Nonimmune hemolytic anemia associated with HHT is not exclusionary.

- Significant proteinuria, as defined by a urine protein of >2.0 grams per day (on
24-hour urine protein collection or spot urine protein:creatinine ratio). 24-hour
urine protein collection or spot urine protein:creatinine ratio is necessary during
screening to quantify urine protein only in patients with screening urine
dipstick/urinalysis demonstrates 3+ protein or higher.

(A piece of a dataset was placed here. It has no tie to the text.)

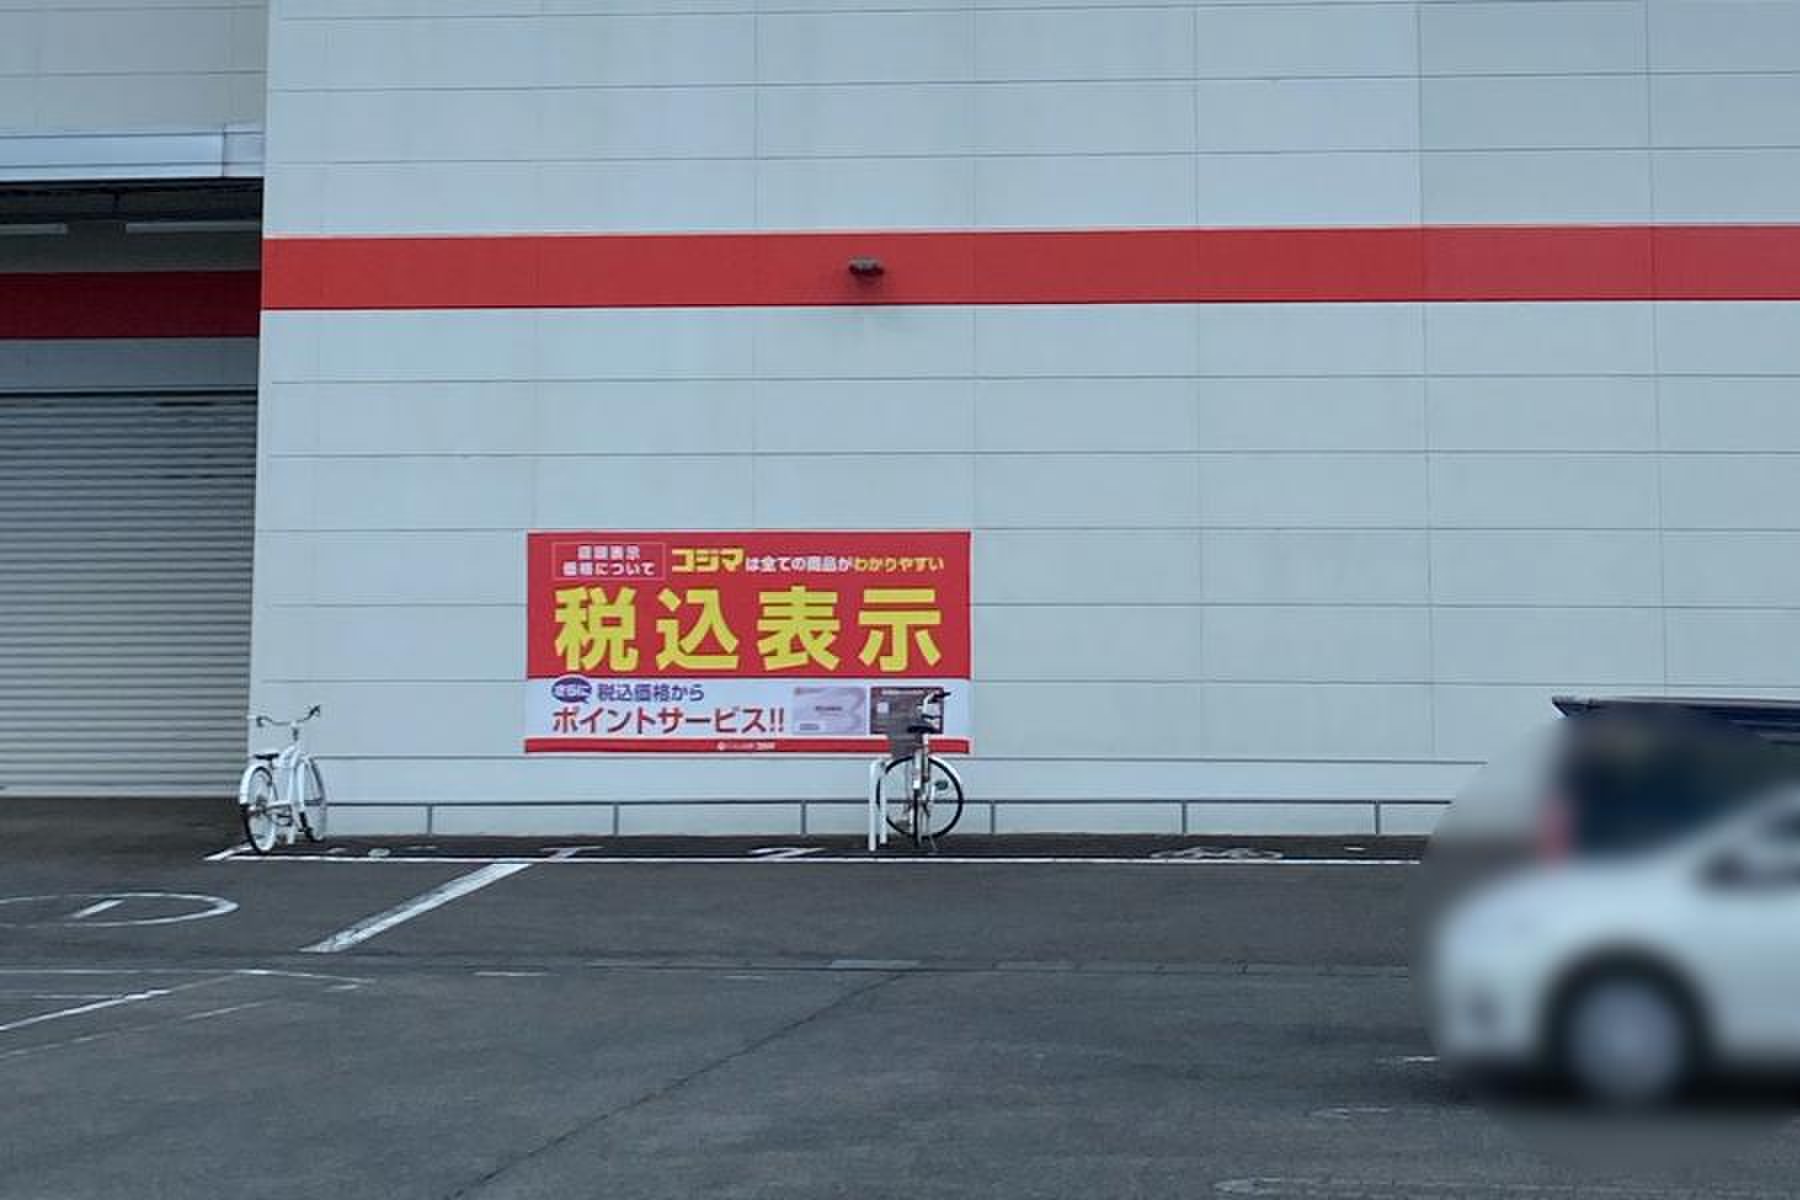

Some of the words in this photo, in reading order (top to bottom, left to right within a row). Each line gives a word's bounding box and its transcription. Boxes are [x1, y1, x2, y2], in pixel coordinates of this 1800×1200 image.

[553, 585, 942, 673] 税込表示
[597, 683, 705, 702] 税込価格から

- Poorly-controlled hypertension, as defined by a systolic blood pressure >160 mm Hg or
diastolic blood pressure >100 mm Hg refractory to medical management.

- Serious or non-healing wound, ulcer or bone fracture.

- Unwillingness to receive red blood cell transfusions and/or intravenous iron infusions
according to the hematologic support protocol (HSP) while on study (see Section 5.8).

- Any other medical condition or factor that, in the opinion of the investigator, is
likely to interfere with completion of the study.